Confidential Memo Reveals US Plan
to Provoke an Invasion of Iraq
by Jamie Doward, Gaby Hinsliff
and Mark Townsend, The Observer/UK
www.commondreams.org/, June 21,
2009
A confidential record of a meeting between
President Bush and Tony Blair before the invasion of Iraq, outlining
their intention to go to war without a second United Nations resolution,
will be an explosive issue for the official inquiry into the UK's
role in toppling Saddam Hussein.
The memo, written on 31 January 2003,
almost two months before the invasion and seen by the Observer,
confirms that as the two men became increasingly aware UN inspectors
would fail to find weapons of mass destruction (WMD) they had
to contemplate alternative scenarios that might trigger a second
resolution legitimising military action.
Bush told Blair the US had drawn up a
provocative plan "to fly U2 reconnaissance aircraft painted
in UN colours over Iraq with fighter cover". Bush said that
if Saddam fired at the planes this would put the Iraqi leader
in breach of UN resolutions.
The president expressed hopes that an
Iraqi defector would be "brought out" to give a public
presentation on Saddam's WMD or that someone might assassinate
the Iraqi leader. However, Bush confirmed even without a second
resolution, the US was prepared for military action. The memo
said Blair told Bush he was "solidly with the president".

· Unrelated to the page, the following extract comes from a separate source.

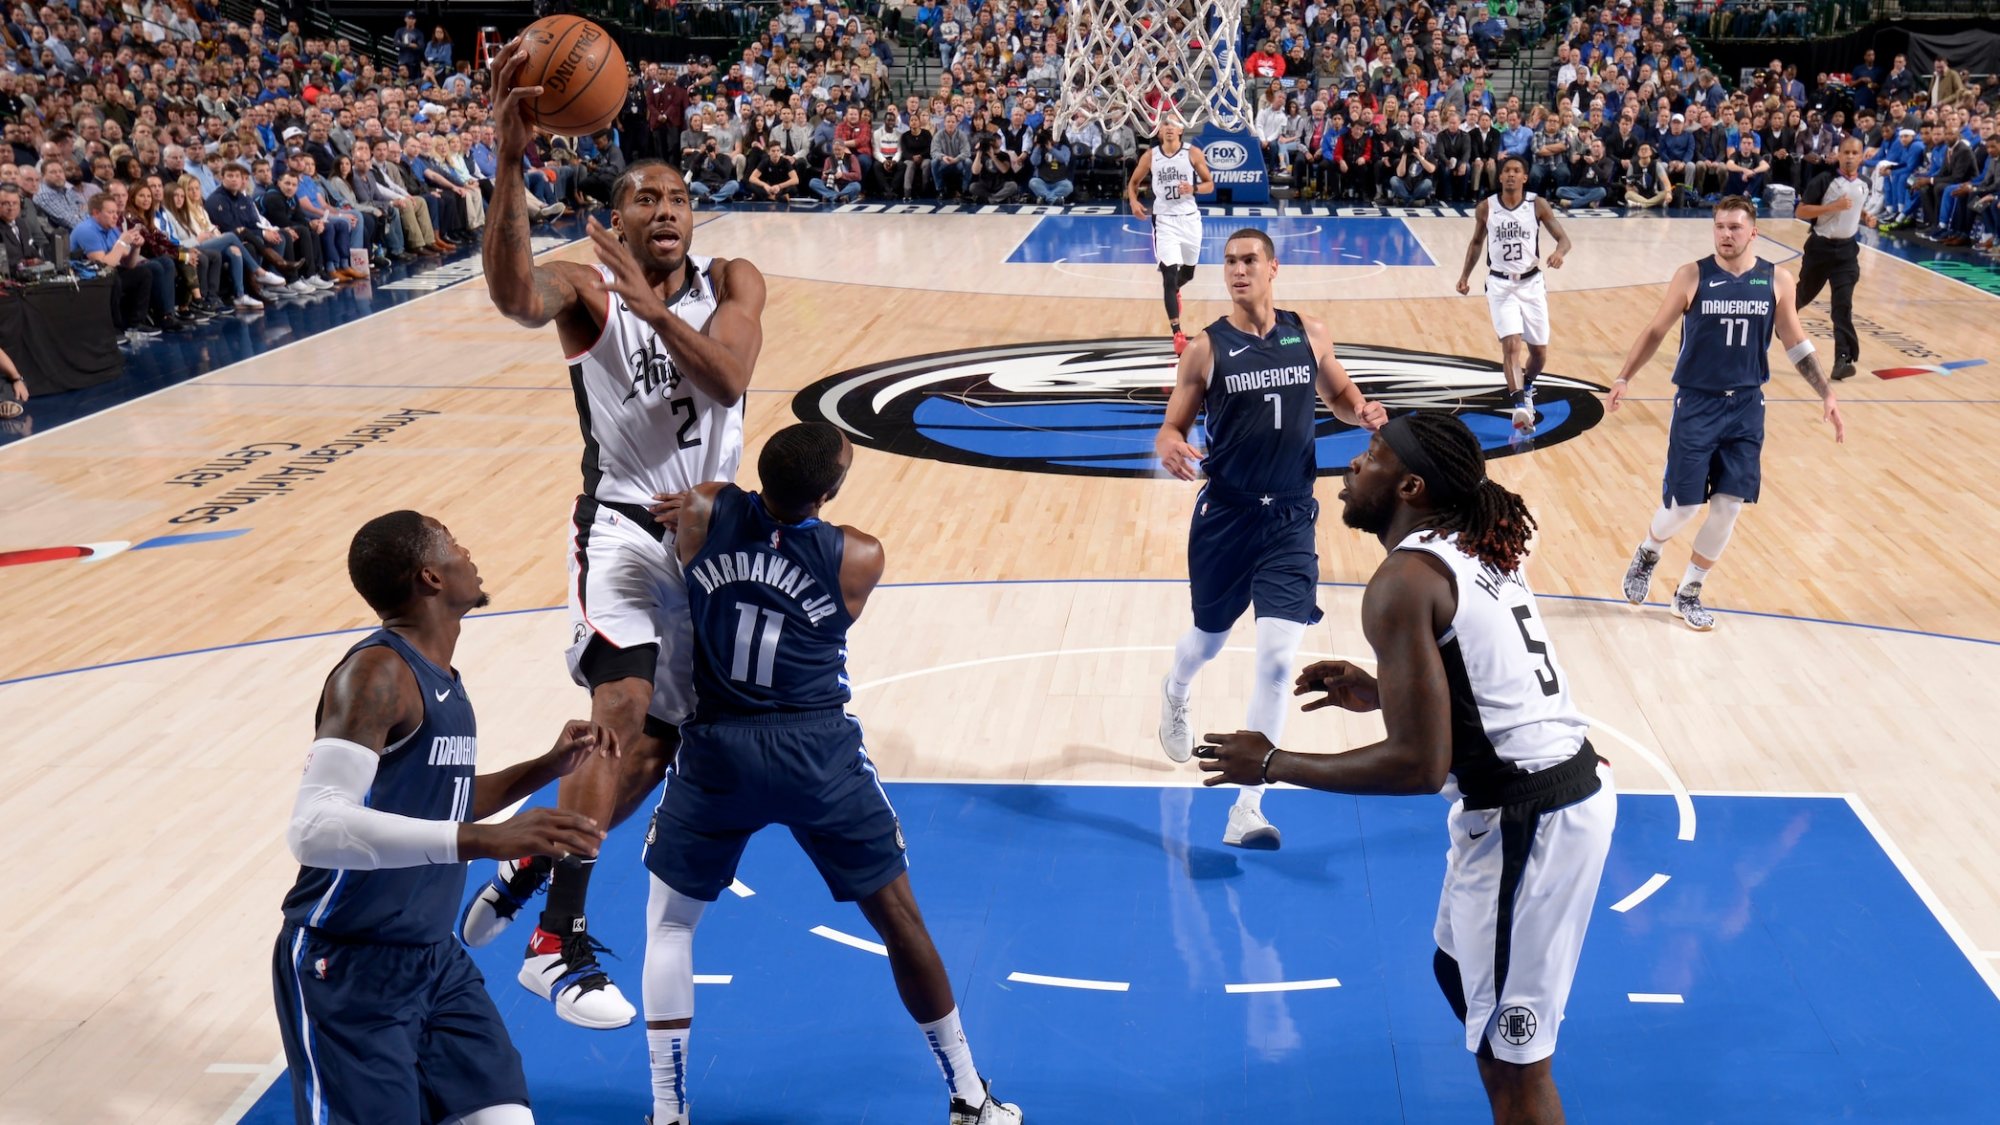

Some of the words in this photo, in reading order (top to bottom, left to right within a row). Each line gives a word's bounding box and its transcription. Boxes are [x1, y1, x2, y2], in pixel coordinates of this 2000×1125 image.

The five-page document, written by Blair's
foreign policy adviser, Sir David Manning, and copied to Sir Jeremy
Greenstock, the UK ambassador to the UN, Jonathan Powell, Blair's
chief of staff, the chief of the defence staff, Admiral Lord Boyce,
and the UK's ambassador to Washington, Sir Christopher Meyer,
outlines how Bush told Blair he had decided on a start date for
the war.
Paraphrasing Bush's comments at the meeting,
Manning, noted: "The start date for the military campaign
was now pencilled in for 10 March. This was when the bombing would
begin."
Last night an expert on international
law who is familar with the memo's contents said it provided vital
evidence into the two men's frames of mind as they considered
the invasion and its aftermath and must be presented to the Chilcott
inquiry established by Gordon Brown to examine the causes, conduct
and consequences of the Iraq war.
Philippe Sands, QC, a professor of law
at University College London who is expected to give evidence
to the inquiry, said confidential material such as the memo was
of national importance, making it vital that the inquiry is not
held in private, as Brown originally envisioned.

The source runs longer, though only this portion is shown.